Now it’s a fact that no gallery in New York ever gave my work the kind of generous wall space I’m enjoying in Gallery 51’s current show. But my jest in Susan’s interview leaves the impression that I spent 25 years being totally locked out of New York’s gallery scene, and that’s not a fair statement, since a few of my comic strips were welcomed into occasional group shows of underground, gay, or political comics during those years. For example, I was especially pleased to be a small part of a large exhibit at Soho’s Exit Art several years ago.
Lust! Passion! Turgid protrusions! Where’s a gay cartoon supposed to go to get its rocks off? (The Leslie-Lohman Gallery, of course!)
But the warmest welcome I received during those years came from the Leslie-Lohman Gallery at 127-B Prince Street, when their curators invited me to fill a large case with my comics and drawings for a group show they mounted back in the spring of 2003. They couldn’t have been more gracious and I would be remiss if I didn’t publicly thank them for giving me that much attention.
Leslie-Lohman’s mission is rather specialized, of course. To quote from the gallery’s web site, "The Leslie-Lohman Gay Art Foundation … was established in 1990 to provide an outlet for art work that is unambiguously gay … by gay and lesbian artists with an emphasis on subject matter that speaks directly to gay and lesbian sensibilities, including, erotic, political, romantic, and social imagery." The show I was part of zeroed in on the aforementioned erotic category and was called Deliciously Depraved. My drawings ranged from sweet sexplay between Wendel and Ollie to kinky fantasies to sexual politics to gay porn.

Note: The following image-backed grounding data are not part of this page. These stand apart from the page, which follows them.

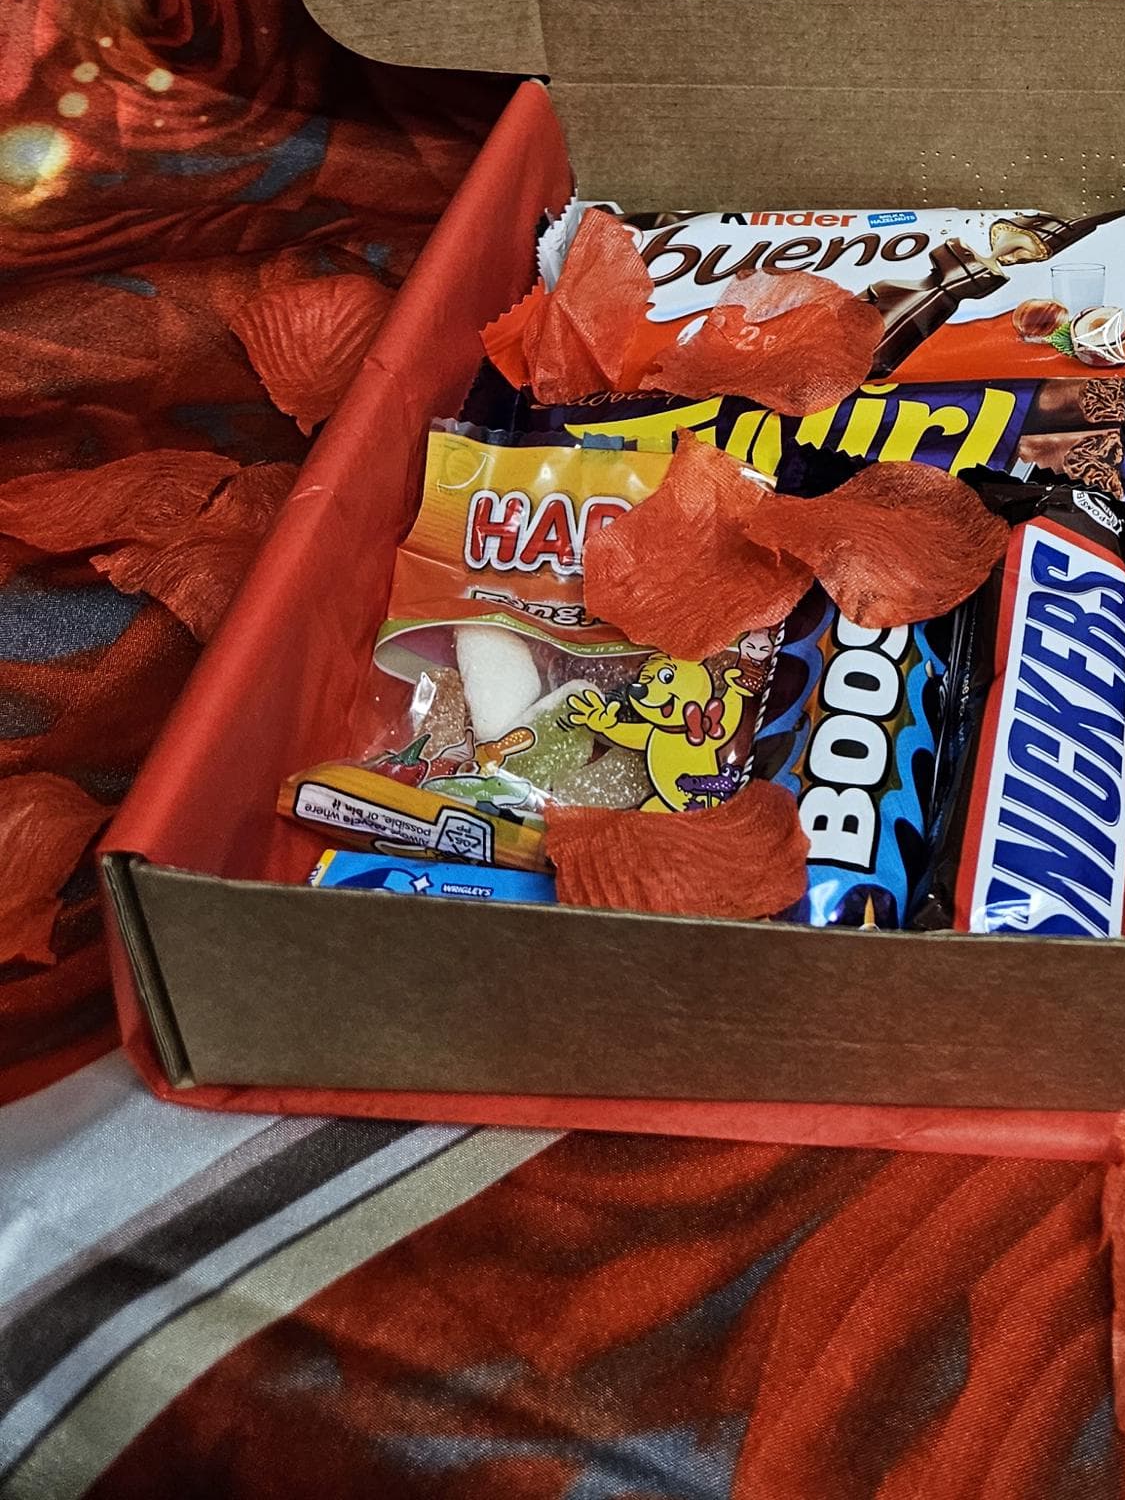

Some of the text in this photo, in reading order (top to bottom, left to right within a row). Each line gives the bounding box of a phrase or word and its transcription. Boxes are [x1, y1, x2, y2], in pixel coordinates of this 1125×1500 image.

[641, 225, 930, 286] bueno
[304, 803, 341, 822] where
[344, 804, 364, 819] bin
[366, 811, 379, 823] or
[443, 884, 492, 897] WRIGLEY'S

It was all work I am proud to have done and proud to share with others because of my core belief that nothing good comes from puritan efforts to separate out the erotic parts of our lives and imaginations from the rest of our human comedy and declare those parts unfit to be portrayed in art. It’s also a branch of my work that goes unrepresented in my current show on North Adams’s Main Street, there being nothing to suggest that the average citizen of North Adams is of the same mind as me about sexual explicitness in cartoons.

I can identify. I felt the same way before my mind was expanded by underground comic books.

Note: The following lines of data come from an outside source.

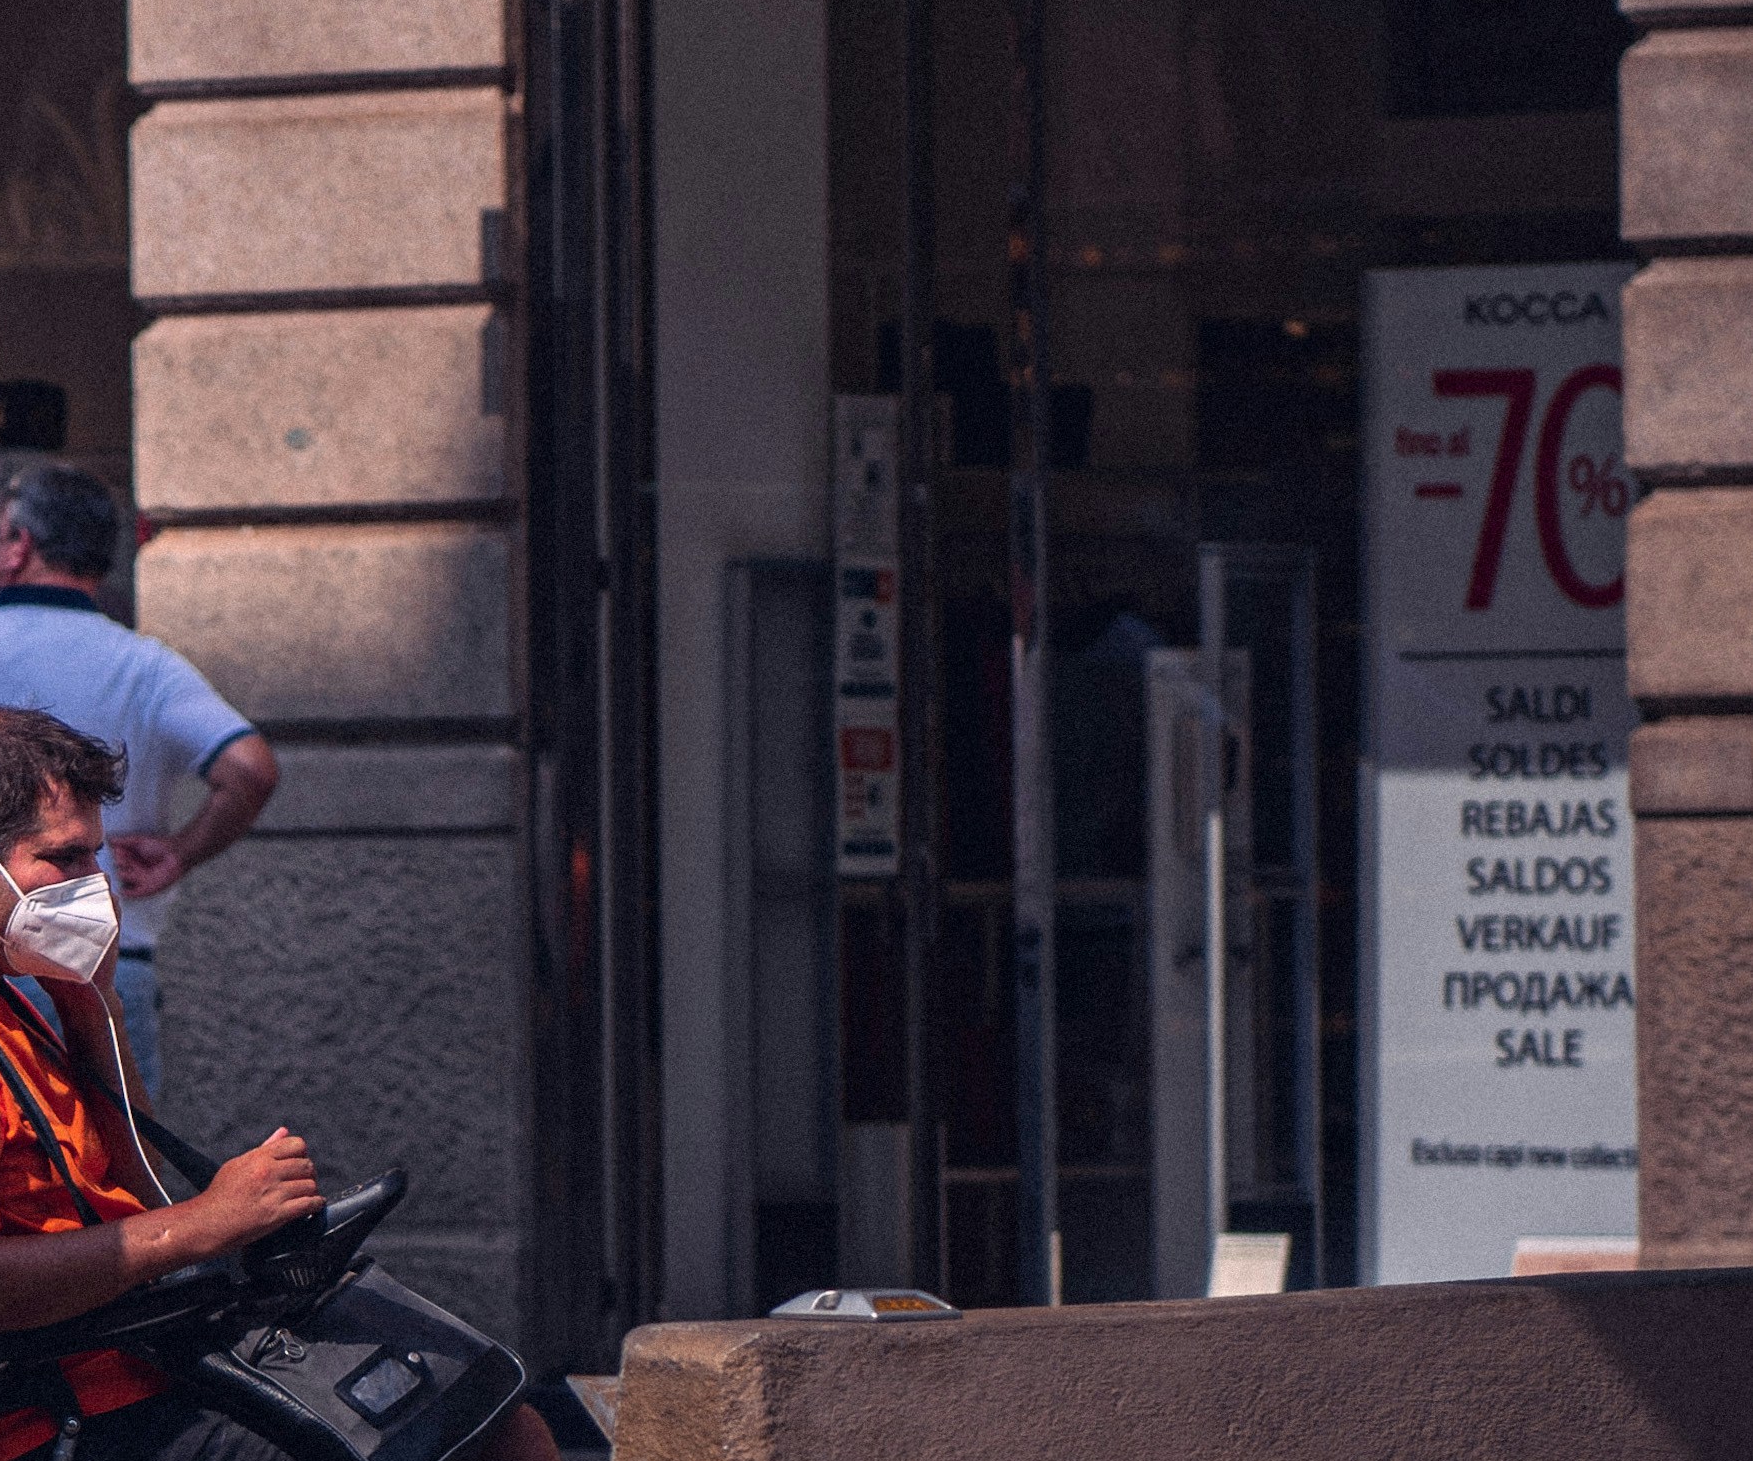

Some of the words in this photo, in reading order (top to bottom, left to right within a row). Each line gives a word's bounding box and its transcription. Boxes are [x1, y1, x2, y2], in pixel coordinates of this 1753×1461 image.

[1464, 292, 1608, 327] KOCCA
[1485, 685, 1591, 724] SALDI
[1467, 742, 1609, 780] SOLDES
[1461, 799, 1616, 839] REBAJAS
[1466, 856, 1612, 896] SALDOS
[1455, 914, 1620, 952] VERKAUF
[1442, 971, 1635, 1013] ПРОДАЖА
[1495, 1028, 1585, 1068] SALE

Leslie-Lohman, on the other hand, is not interested in displaying my cartoon depictions of anthropomorphized vegetables or silly comic strips about ghosts or my recent experiments with cartoon surrealism. I’m proud of those drawings, too, but they’re not what Leslie-Lohman’s gallery exists for.

So I’m still waiting for the social walls to erode that separate my erotic imagination from my non-erotic imagination. That will only happen when America loses its irrational terror of sex — sex as it’s experienced by everyday people, straight and gay: funny, clumsy, undignified sex between people grappling awkwardly for honest human contact and sensuality. Not the phony, sleazy, heavy-breathing sideshow-mirror distortions of sex that pass for erotic sophistication in today’s mass media.

Someday maybe we’ll allow all of human experience to be rolled together into one big ball of good-humored affirmation. Until then, be grateful that galleries like Leslie-Lohman exist to nurture explorations of humanity’s forbidden naughty bits. "Depravity" is often in the eye of the beholder.